Extracted information:
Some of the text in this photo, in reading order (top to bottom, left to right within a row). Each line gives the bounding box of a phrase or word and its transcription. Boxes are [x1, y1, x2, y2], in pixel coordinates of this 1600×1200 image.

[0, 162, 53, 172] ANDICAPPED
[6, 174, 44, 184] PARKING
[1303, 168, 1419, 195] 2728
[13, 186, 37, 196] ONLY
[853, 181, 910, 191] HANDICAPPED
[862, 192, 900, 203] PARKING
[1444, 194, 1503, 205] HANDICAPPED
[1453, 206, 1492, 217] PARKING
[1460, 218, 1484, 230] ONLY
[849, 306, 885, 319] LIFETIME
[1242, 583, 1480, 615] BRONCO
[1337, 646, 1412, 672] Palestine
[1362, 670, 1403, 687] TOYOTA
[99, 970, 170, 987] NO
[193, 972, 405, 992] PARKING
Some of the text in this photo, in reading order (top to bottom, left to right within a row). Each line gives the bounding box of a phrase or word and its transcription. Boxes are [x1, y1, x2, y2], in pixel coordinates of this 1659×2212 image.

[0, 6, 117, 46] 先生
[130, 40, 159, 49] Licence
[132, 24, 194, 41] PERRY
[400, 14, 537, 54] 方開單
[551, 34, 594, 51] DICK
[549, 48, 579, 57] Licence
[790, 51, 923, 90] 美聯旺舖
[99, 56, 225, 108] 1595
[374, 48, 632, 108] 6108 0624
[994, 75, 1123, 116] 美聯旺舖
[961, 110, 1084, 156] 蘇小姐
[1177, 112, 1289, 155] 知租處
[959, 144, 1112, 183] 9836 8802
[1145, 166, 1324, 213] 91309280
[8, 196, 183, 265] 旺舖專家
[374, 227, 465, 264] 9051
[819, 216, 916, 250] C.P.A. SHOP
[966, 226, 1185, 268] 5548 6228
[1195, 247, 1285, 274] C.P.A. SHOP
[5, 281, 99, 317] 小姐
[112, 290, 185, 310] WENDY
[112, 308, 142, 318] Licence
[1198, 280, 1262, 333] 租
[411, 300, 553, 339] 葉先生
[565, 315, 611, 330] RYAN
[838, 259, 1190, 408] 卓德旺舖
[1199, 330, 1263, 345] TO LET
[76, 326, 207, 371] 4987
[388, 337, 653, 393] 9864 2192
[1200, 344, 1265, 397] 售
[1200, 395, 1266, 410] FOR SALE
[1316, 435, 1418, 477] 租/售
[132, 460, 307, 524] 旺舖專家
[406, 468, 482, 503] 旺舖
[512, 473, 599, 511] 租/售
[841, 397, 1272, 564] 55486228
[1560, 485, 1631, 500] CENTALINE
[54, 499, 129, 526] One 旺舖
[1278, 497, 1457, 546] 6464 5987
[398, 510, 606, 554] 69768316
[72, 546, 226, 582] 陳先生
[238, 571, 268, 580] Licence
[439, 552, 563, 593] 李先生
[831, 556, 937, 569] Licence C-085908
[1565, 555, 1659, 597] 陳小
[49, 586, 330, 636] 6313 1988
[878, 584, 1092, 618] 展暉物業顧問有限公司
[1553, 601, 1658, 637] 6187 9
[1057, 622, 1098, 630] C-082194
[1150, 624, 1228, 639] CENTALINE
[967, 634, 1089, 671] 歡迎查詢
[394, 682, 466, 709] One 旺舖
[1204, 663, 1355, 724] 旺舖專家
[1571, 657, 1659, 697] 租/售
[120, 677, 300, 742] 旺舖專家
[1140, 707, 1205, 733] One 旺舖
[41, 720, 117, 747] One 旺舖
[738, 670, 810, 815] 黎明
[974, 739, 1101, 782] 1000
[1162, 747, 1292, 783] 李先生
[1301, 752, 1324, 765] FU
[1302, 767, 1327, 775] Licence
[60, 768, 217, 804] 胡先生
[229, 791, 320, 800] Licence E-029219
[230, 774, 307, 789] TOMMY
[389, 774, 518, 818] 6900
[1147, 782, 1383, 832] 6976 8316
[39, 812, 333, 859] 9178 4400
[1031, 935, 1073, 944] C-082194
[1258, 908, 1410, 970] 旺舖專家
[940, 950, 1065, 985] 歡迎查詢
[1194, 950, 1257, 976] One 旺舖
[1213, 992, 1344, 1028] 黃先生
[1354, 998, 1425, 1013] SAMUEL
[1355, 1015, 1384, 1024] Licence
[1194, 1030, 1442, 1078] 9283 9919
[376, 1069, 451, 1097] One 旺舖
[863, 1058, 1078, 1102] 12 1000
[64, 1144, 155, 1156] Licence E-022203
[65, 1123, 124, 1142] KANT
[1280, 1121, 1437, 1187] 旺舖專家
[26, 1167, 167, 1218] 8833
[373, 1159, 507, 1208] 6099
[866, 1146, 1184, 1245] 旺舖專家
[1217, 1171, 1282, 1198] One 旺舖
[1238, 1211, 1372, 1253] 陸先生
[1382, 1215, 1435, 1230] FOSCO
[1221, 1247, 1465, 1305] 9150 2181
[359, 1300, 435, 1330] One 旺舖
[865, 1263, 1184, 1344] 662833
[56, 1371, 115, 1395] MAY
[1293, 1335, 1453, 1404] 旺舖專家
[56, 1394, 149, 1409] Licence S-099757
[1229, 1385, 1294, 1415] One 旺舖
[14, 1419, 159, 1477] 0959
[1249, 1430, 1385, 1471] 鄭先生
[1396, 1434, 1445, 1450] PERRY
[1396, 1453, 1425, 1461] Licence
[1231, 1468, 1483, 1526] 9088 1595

Exercise: What lines of the material above include "PARKING"? Copy each one.

Task output:
[6, 174, 44, 184] PARKING
[862, 192, 900, 203] PARKING
[1453, 206, 1492, 217] PARKING
[193, 972, 405, 992] PARKING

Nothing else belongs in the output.